June 10, 2026
Tab to doom?
Are insecure code completions in PyCharm a vulnerability?
PyCharm’s AI helper suggested sketchy code and the comments instantly turned into a fight
TLDR: A PyCharm code helper suggested unsafe lines that could make programs trust risky internet connections, raising questions about whether AI coding tools are creating danger by default. Commenters split between “this is just how AI is” and “words matter,” while others turned the whole mess into dark comedy.
A coding tool inside PyCharm was caught suggesting code that could quietly switch off safety checks, and the internet wasted zero time turning it into a full-blown debate. The original tester showed that after typing a few characters, PyCharm’s “Full Line Completion” offered lines that would hide warnings and skip identity checks on websites — basically the software equivalent of a stranger saying, “Trust me, this looks fine.” The bigger twist? Even the company response seemed fuzzy on whether this counted as a real security issue, which only added fuel to the comment-section bonfire.

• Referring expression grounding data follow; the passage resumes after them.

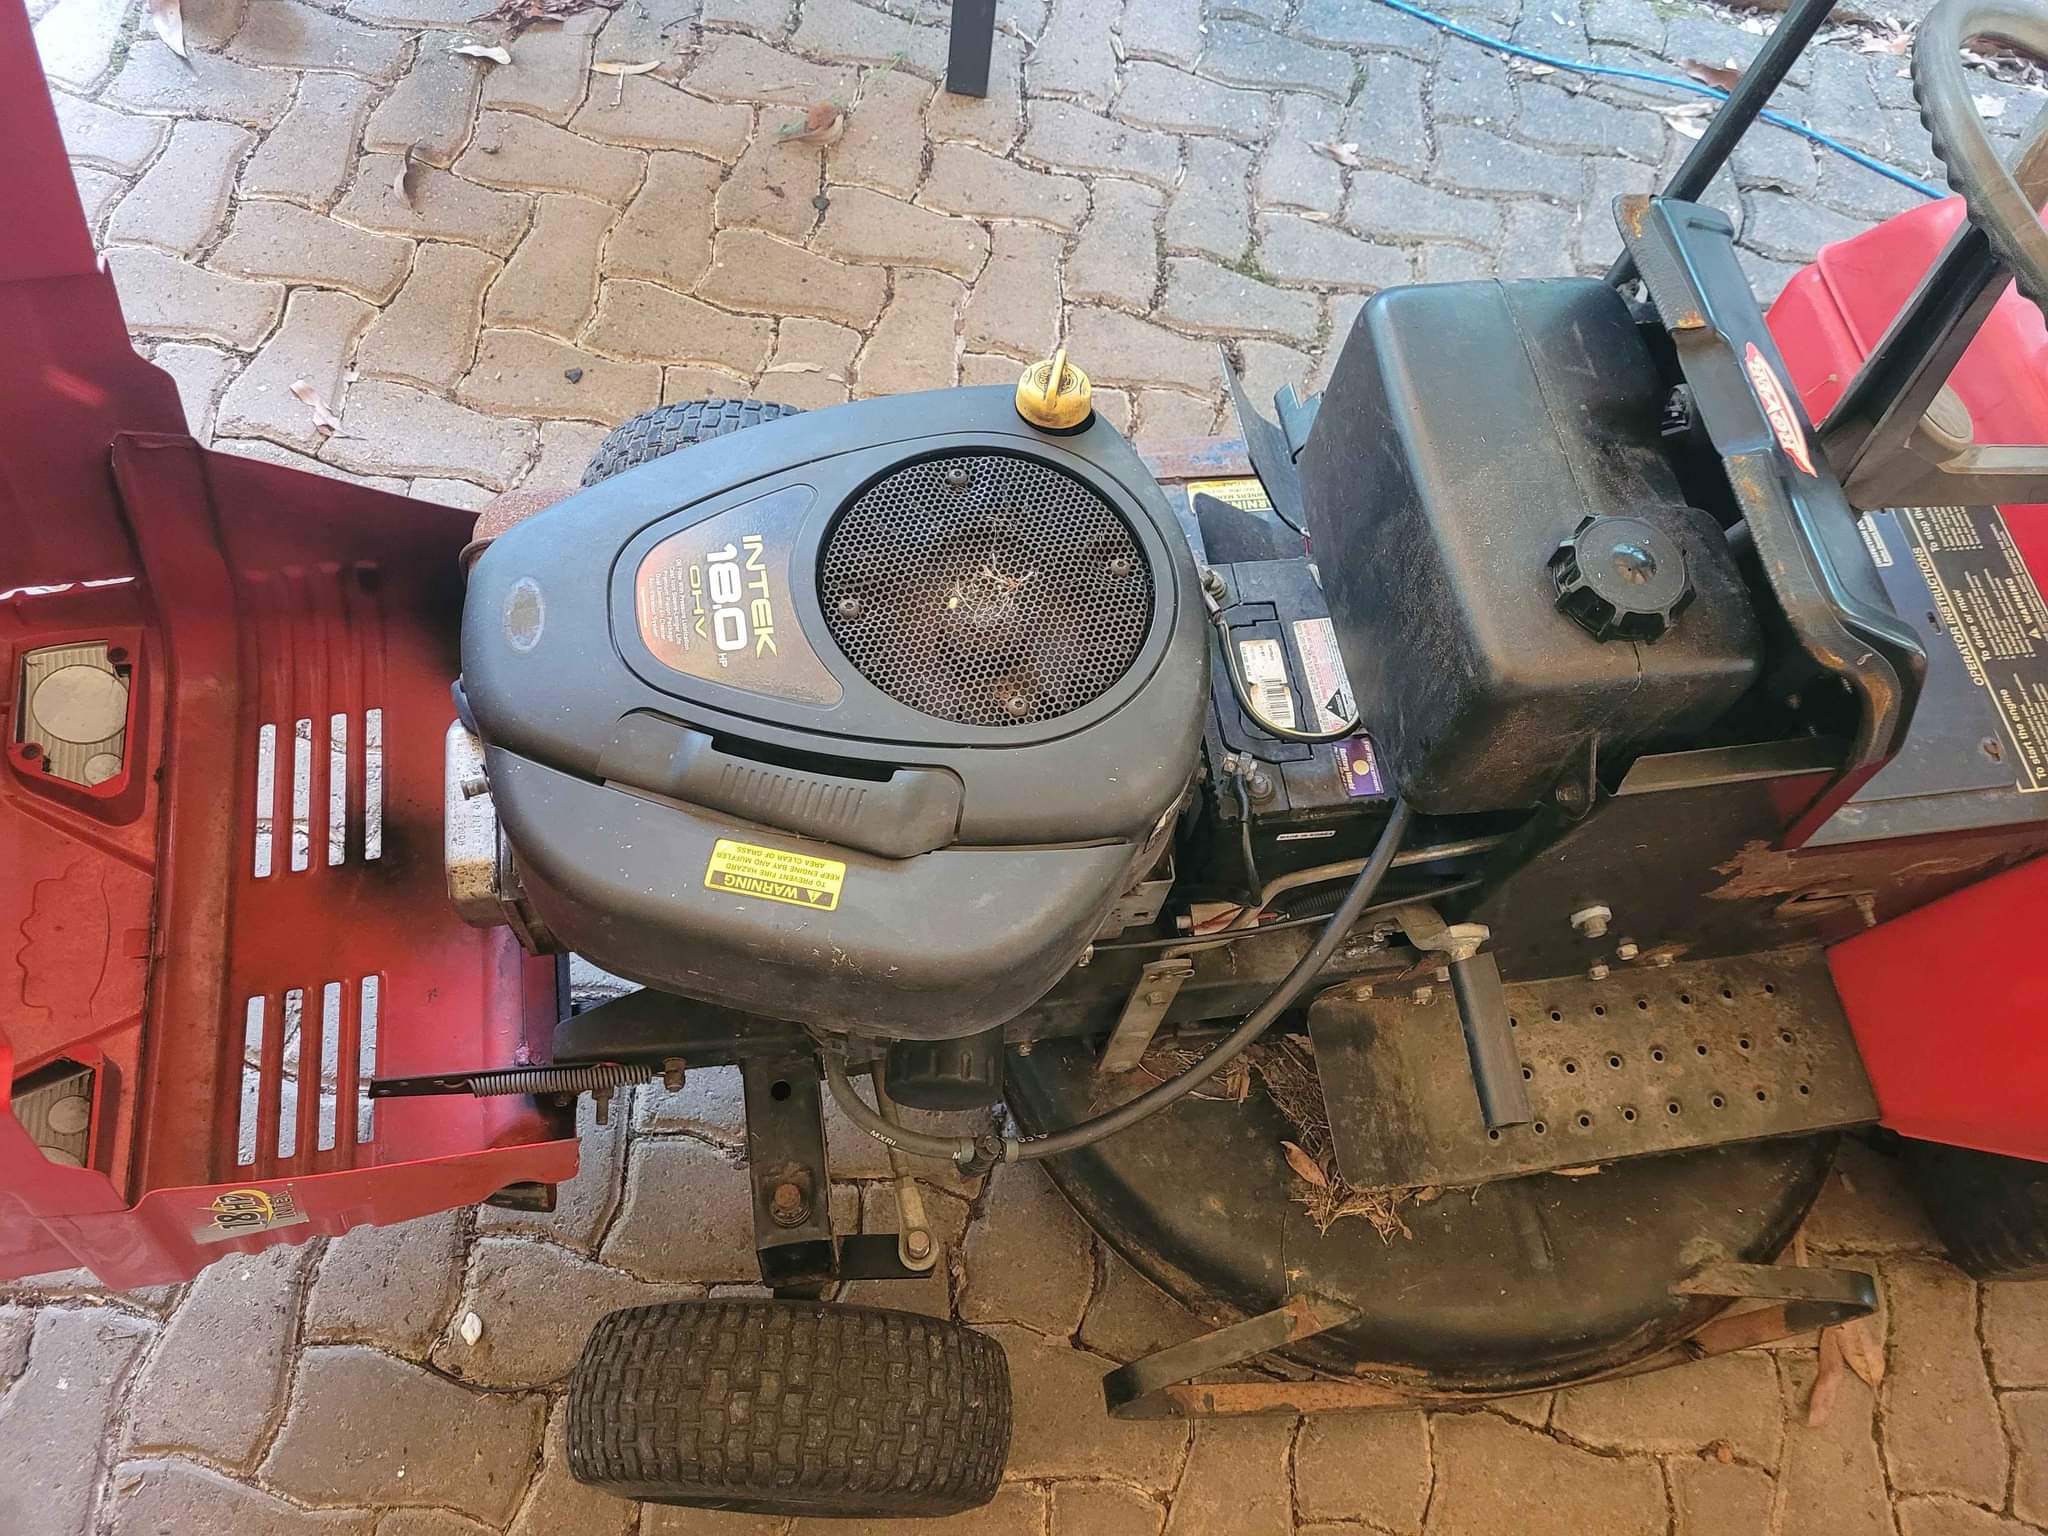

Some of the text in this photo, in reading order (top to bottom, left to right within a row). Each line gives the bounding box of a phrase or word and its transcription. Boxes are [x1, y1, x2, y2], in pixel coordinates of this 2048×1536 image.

[1917, 518, 1936, 542] stop
[1927, 539, 1941, 554] To
[742, 534, 778, 660] INTEK
[1910, 544, 1957, 626] INSTRUCTIONS
[689, 564, 708, 640] OHV
[706, 543, 748, 668] 18.0 HP
[1950, 586, 1969, 613] mow
[2003, 575, 2034, 626] WARNING
[1962, 611, 1974, 625] or
[1966, 623, 1987, 651] drive
[1948, 623, 1987, 688] OPERATOR
[1979, 648, 1992, 663] To
[1996, 686, 2022, 723] engine
[2021, 739, 2041, 766] start
[724, 874, 799, 899] WARNING

And oh, the commenters came ready. One camp was basically shrugging and saying, what did you expect? As marcosdumay put it, this is a problem AI makers have been trying and failing to fix for years. Another crowd got very picky — in the most internet way possible — arguing that this is not a vulnerability itself but a “vulnerability creator” or maybe just a “weakness,” because apparently nothing sparks passion like definitions. Then the thread took a comedy detour when one reader got hung up on the phrase “monster-in-the-middle” and demanded to know what happened to the usual wording. Meanwhile, sph dropped the funniest nightmare scenario of the bunch: an AI-powered terminal turning a harmless command into “https://evil.com/run.sh” and leaving you “just an enter away from causing havoc.” In other words: part serious warning, part terminology war, part meme factory.
Key Points
- •The article reports that PyCharm’s Full Line Completion suggested Python code to disable `urllib3` security warnings.
- •The author also observed a suggestion to configure `urllib3.PoolManager` with `cert_reqs='CERT_NONE'`, which the article says disables certificate verification.
- •The author questioned whether insecure AI-generated code suggestions should be treated as a vulnerability eligible for a CVE.
- •The behavior was reported to JetBrains for Full Line Code Completion version `253.29346.142`, and the author says JetBrains did not classify it as a direct security vulnerability.
- •After 90 days, the author retested version `261.24374.152` and reports that the same insecure suggestions were still produced.